[[ MATERIAL PROVIDED open ]]

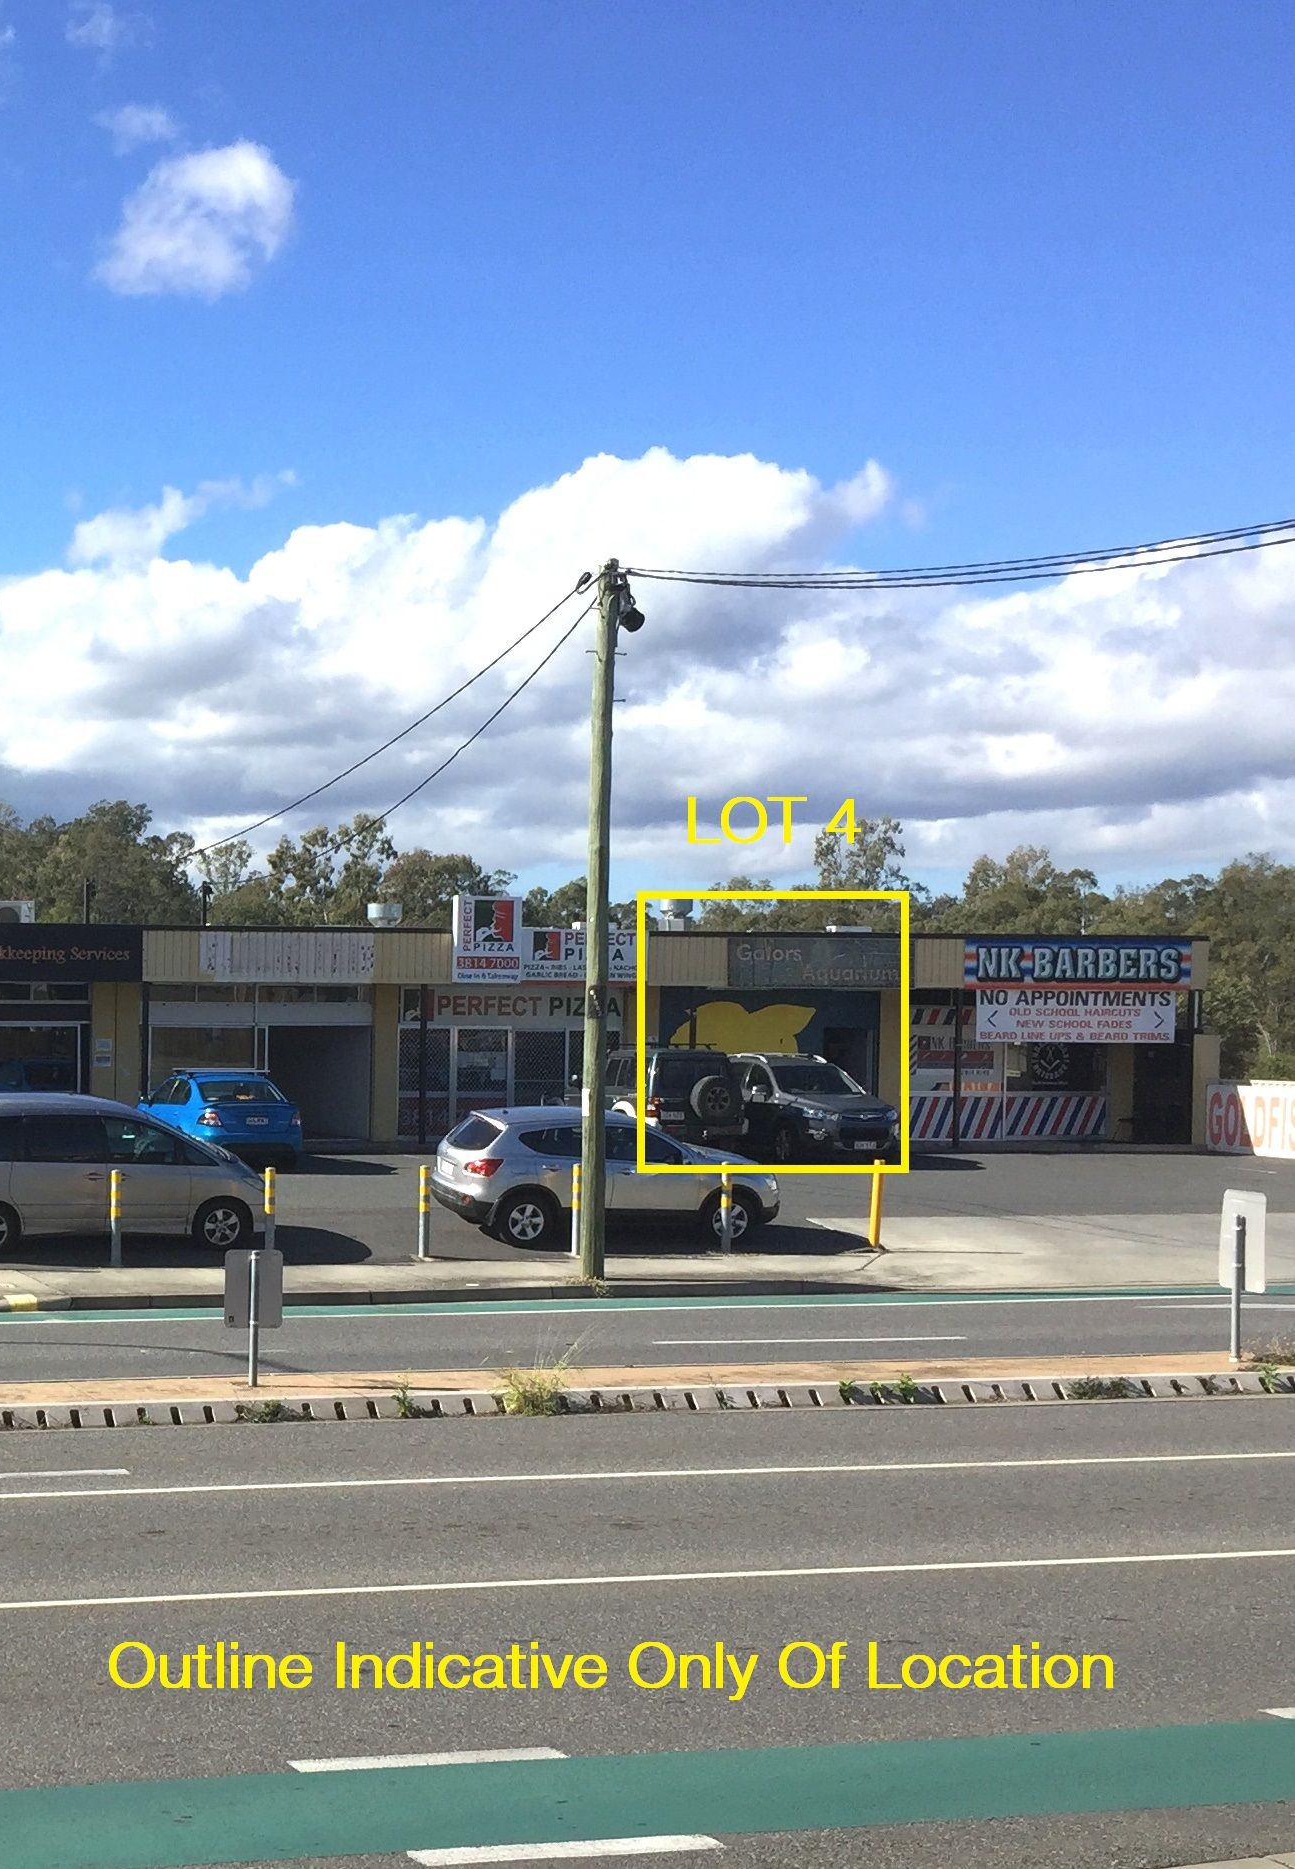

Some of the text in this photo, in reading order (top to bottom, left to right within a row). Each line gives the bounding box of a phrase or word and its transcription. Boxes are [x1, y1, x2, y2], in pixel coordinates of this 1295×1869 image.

[462, 901, 472, 951] PERFECT
[564, 932, 637, 946] PEECT
[70, 947, 130, 961] Services
[473, 943, 514, 952] PIZZA
[564, 947, 625, 961] PIA
[458, 957, 519, 969] 3814 7000
[977, 946, 1182, 982] NK BARBERS
[979, 989, 1172, 1007] NO APPOINTMENTS
[437, 994, 622, 1017] PERFECT PIZA
[1009, 1007, 1141, 1017] OLD SCHOOL HAIRCUTS
[1016, 1019, 1133, 1029] NEW SCHOOL FADES
[979, 1032, 1170, 1041] BEARD LINE UPS & BEARD TRIMS

[[ MATERIAL PROVIDED closed ]]

ASSIGNED TASK →
An exact repetition of the listing is needed, with the pictures dropped.

TASK RESULT →
Some of the text in this photo, in reading order (top to bottom, left to right within a row). Each line gives the bounding box of a phrase or word and its transcription. Boxes are [x1, y1, x2, y2], in pixel coordinates of this 1295×1869 image.

[462, 901, 472, 951] PERFECT
[564, 932, 637, 946] PEECT
[70, 947, 130, 961] Services
[473, 943, 514, 952] PIZZA
[564, 947, 625, 961] PIA
[458, 957, 519, 969] 3814 7000
[977, 946, 1182, 982] NK BARBERS
[979, 989, 1172, 1007] NO APPOINTMENTS
[437, 994, 622, 1017] PERFECT PIZA
[1009, 1007, 1141, 1017] OLD SCHOOL HAIRCUTS
[1016, 1019, 1133, 1029] NEW SCHOOL FADES
[979, 1032, 1170, 1041] BEARD LINE UPS & BEARD TRIMS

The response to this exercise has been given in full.